BioPharma, Policy

Gossamer Bio goes public despite government shutdown halting most SEC operations

It was reported earlier this week in The Wall Street Journal that, while an IPO without the SEC signing off is allowed with a certain workaround, it is carries legal and regulatory risks.

A company that was reported to be exploring a legal workaround enabling it to trade its shares on the public market without the Securities and Exchange Commission’s go-ahead has commenced its initial public offering.

San Diego-based Gossamer Bio said Wednesday that it had issued an IPO of about 14.4 million shares at $16 per share, trading on the Nasdaq under the symbol GOSS. The company said in a Form S-1/A filing Wednesday that it anticipates raising between $210.8 million and $242.9 million in the IPO, having stated in its Form S-1 that the proposed maximum aggregate offering price would be $264.5 million.

Gossamer had filed to go public last month, but due to the government shutdown – now the longest in the nation’s history, at 33 days and with no end in sight – the Securities and Exchange Commission is unable to sign off on IPOs.

According to a plan for the shutdown released in December, while the SEC’s online database will remain operational because it is operated under a contract, other divisions of the agency will be unable to process filings, provide interpretive advice, issue no-action letters or conduct other activities. “As a result, new or pending registration statements or applications for exemptive relief will not be processed regardless of the status of any review of those filings,” the plan read.

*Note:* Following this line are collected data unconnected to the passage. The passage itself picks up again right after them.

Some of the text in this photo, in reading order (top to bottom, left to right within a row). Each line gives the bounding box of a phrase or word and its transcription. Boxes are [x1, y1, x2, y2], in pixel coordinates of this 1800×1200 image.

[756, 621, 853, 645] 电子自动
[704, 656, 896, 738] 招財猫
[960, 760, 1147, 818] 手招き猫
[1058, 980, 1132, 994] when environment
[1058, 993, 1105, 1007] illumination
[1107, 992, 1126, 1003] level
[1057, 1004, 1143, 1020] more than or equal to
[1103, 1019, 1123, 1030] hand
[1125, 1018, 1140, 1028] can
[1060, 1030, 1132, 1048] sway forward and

In response, the agency has said that companies that have filed to go public can alter the language in their filings to make the IPOs automatic after 20 days. That, the Wall Street Journal reported Monday, citing unnamed sources, is what Gossamer and another company, TCR2 Therapeutics, have looking into doing. TCR2 filed its Form S-1 on Dec. 28, but at press time had not yet commenced selling shares on the market. The Cambridge, Massachusetts-based company’s proposed maximum offering price is $100 million, according to the filing.

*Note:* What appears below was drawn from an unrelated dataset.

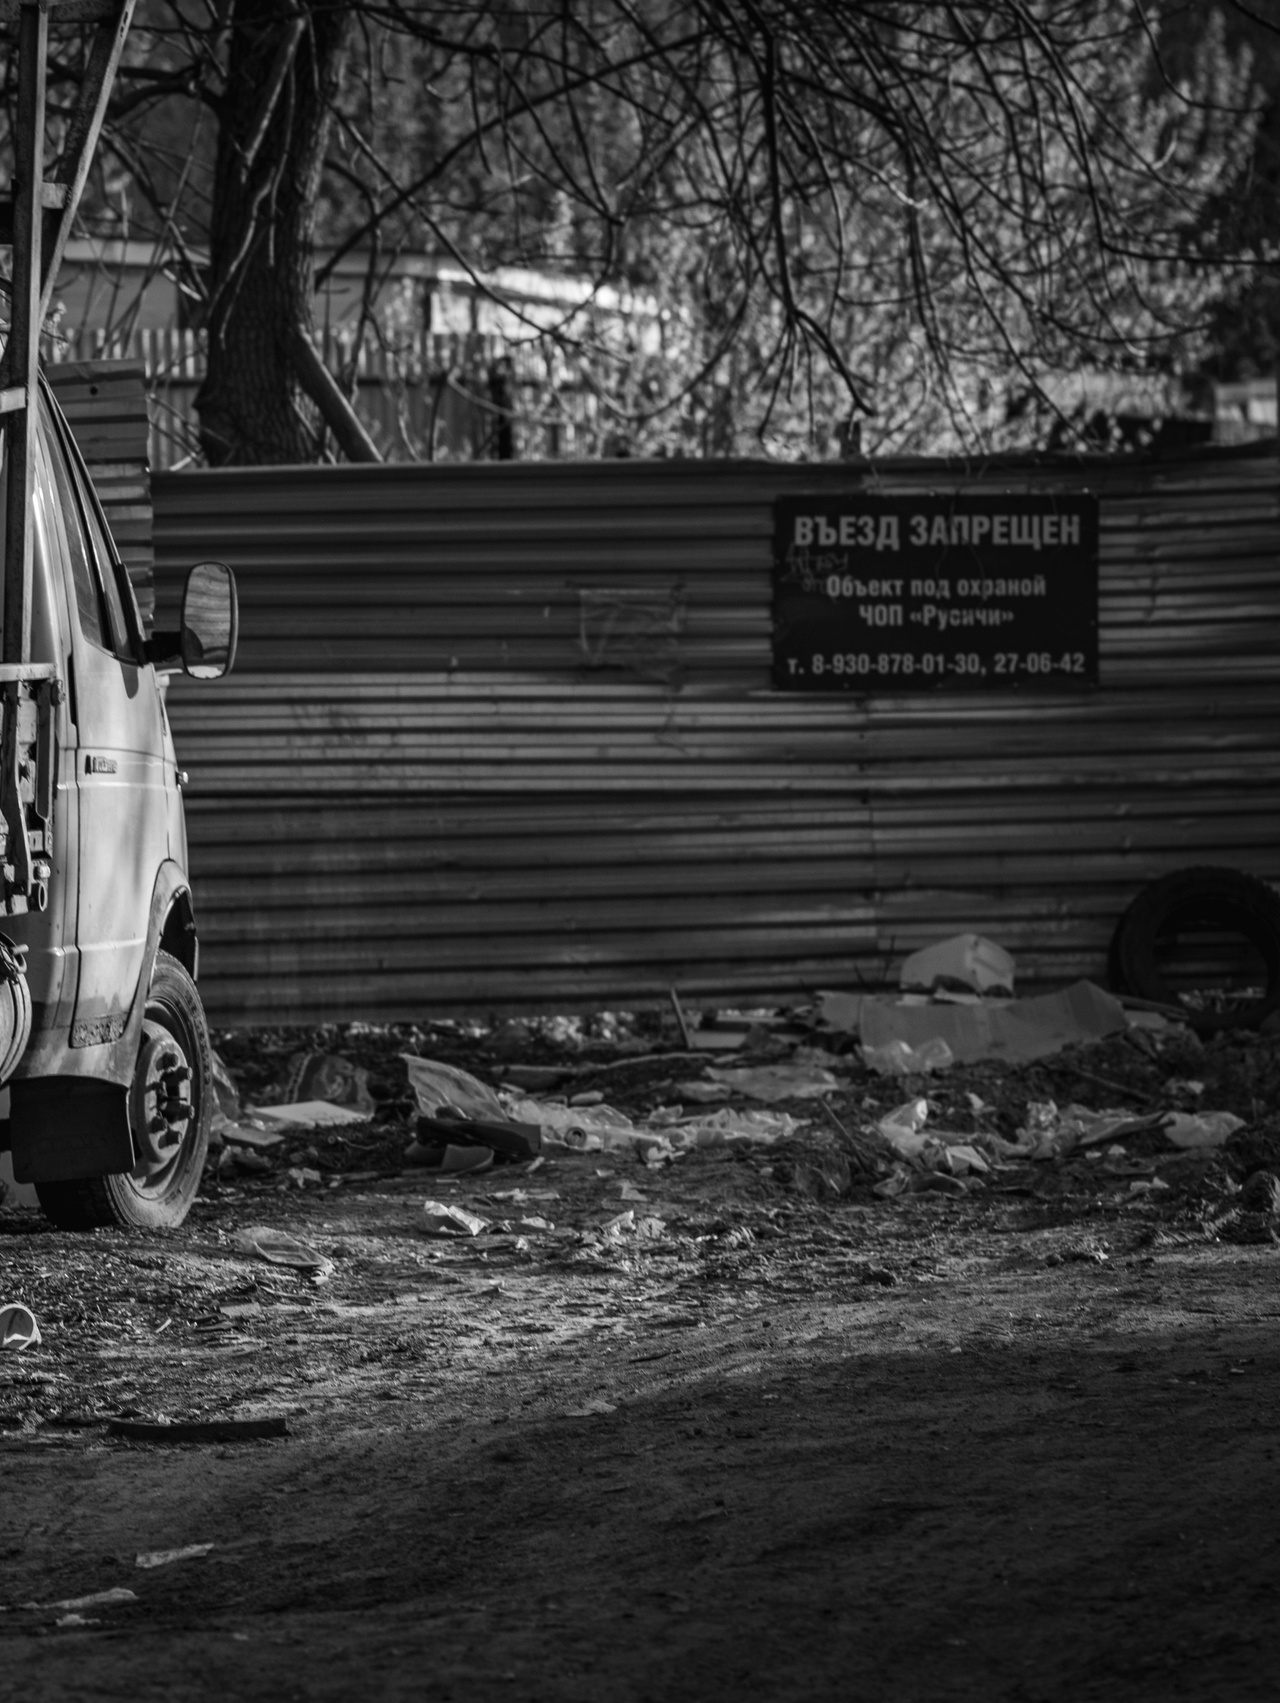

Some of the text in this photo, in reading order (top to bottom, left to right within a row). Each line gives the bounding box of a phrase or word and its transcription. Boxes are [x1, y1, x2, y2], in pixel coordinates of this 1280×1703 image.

However, there are also significant risks of legal and regulatory challenges when companies use the workaround, especially if the filings have any problems, the newspaper reported, which has made the Nasdaq resistant to the approach of Gossamer and TCR2.

Gossamer drugs in clinical development include GB001, a DP2 antagonist in Phase II development for respiratory diseases and chronic skin rash; GB002, a PDGF receptor kinase inhibitor in Phase I development for pulmonary arterial hypertension; and GB004, an HIF-1a stabilizer in Phase I development for inflammatory bowel disease.